Abstract

The incidence (or not) of intraventricular haemorrhage (IVH) in infants receiving surfactant remains controversial. Moreover, it is well known that the incidence of IVH, adjusted for known risk factors, varies across neonatal intensive care units (NICUs) in any country. Given that a trend towards an increase in overall IVH incidence with natural surfactant was noted in the meta-analysis by Soll, an important question arises: Could a recent trend in higher concentrations/doses of natural surfactant lead to an increase in IVH? It is not suggested that there is a consistent association between surfactant treatment and IVH, but this is an interesting consideration. As surfactant treatment has consistently been shown to lower mortality, it is extremely important to ensure that this is not at the expense of increased survival of infants brain damaged by haemorrhage or ischaemia. Infants who present with respiratory distress syndrome (RDS) are extremely vulnerable, and are precisely the infants most at risk of cerebral lesions. This relevant question is applicable in South Africa and internationally, with the proposal for the inclusion of surfactant in the WHO model list of essential medicines.

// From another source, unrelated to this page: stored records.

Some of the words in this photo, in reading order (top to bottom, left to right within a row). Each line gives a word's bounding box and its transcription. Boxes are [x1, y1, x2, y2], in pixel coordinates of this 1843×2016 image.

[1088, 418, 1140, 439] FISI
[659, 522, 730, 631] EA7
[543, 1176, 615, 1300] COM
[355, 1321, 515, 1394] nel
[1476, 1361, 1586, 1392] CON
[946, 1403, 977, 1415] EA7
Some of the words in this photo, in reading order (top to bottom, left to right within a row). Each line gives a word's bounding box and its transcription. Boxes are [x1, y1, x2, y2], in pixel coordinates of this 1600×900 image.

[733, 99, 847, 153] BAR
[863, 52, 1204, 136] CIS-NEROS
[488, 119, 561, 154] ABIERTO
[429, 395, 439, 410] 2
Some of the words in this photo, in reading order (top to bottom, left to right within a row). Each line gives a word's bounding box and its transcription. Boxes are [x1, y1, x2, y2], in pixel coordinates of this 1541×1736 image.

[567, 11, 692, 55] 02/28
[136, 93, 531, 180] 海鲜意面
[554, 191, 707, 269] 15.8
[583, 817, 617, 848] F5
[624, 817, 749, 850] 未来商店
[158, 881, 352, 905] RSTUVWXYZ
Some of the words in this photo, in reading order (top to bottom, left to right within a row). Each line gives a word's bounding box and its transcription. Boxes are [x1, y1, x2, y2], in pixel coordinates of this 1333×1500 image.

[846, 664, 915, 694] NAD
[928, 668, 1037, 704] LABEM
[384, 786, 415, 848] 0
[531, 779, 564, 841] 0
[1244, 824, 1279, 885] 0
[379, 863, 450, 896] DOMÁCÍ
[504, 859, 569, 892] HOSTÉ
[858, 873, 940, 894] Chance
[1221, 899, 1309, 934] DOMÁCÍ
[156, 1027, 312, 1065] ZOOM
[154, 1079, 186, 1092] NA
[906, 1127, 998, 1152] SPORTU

Since surfactant has been adopted into routine neonatal practice in South Africa, the other very important question of economic impact has shifted to questions regarding the specific preparations, number of doses, modes of administration, concomitant use of new technologies such as nasal continuous pulmonary airway pressure (nCPAP), etc. However, before stakeholders plunge headlong into an economic – or any other – argument, perhaps there is a need for greater collaboration between clinicians (and the pharmaceutical industry) in the reporting of recent trends, including adverse events in this very vulnerable group.